*Problem statement*: Pictures are to be left out, and every entry repeated exactly.

*Working data*:
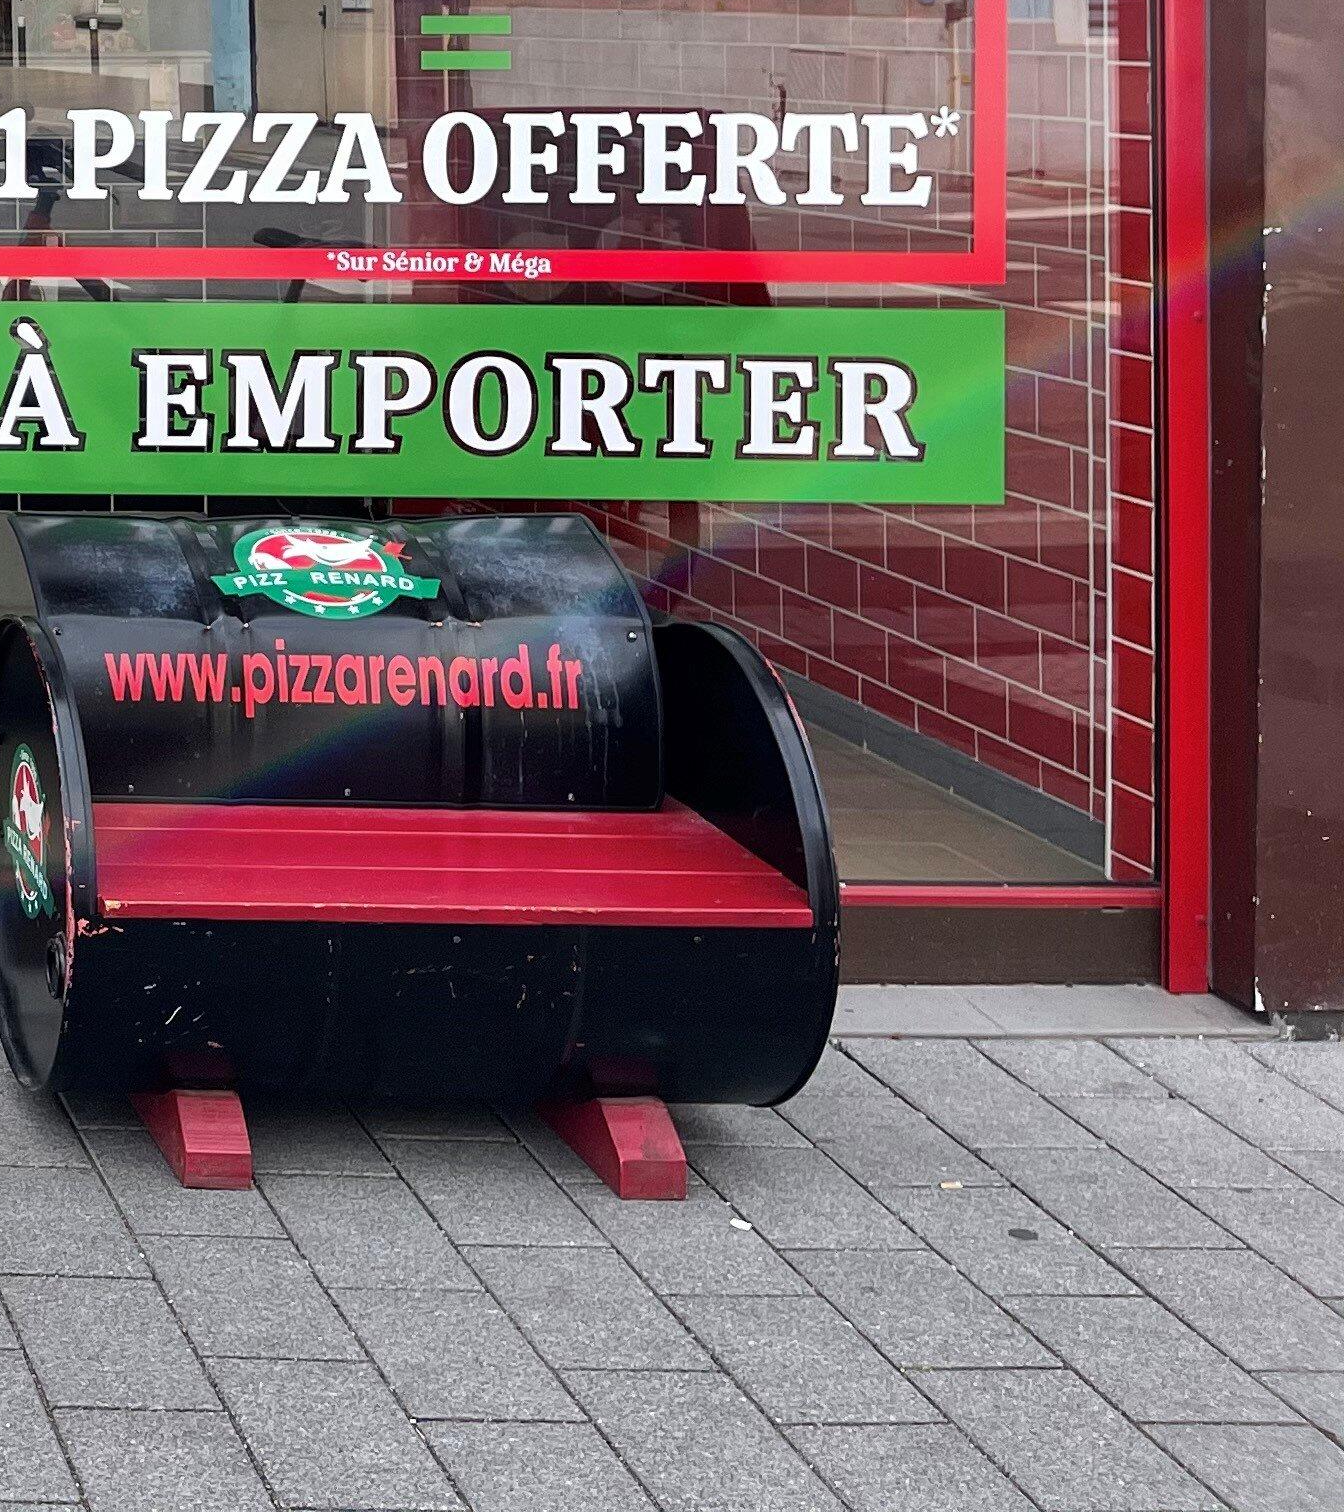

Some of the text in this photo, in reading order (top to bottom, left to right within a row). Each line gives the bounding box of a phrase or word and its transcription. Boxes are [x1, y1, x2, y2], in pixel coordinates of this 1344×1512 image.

[67, 107, 404, 205] PIZZA
[382, 249, 459, 274] Sénior
[463, 251, 485, 274] &
[488, 248, 553, 281] Méga
[131, 348, 926, 463] EMPORTER
[311, 571, 415, 591] RENARD
[105, 638, 584, 718] www.pizzarenard.fr

*Output for this exercise*:
Some of the text in this photo, in reading order (top to bottom, left to right within a row). Each line gives the bounding box of a phrase or word and its transcription. Boxes are [x1, y1, x2, y2], in pixel coordinates of this 1344×1512 image.

[67, 107, 404, 205] PIZZA
[382, 249, 459, 274] Sénior
[463, 251, 485, 274] &
[488, 248, 553, 281] Méga
[131, 348, 926, 463] EMPORTER
[311, 571, 415, 591] RENARD
[105, 638, 584, 718] www.pizzarenard.fr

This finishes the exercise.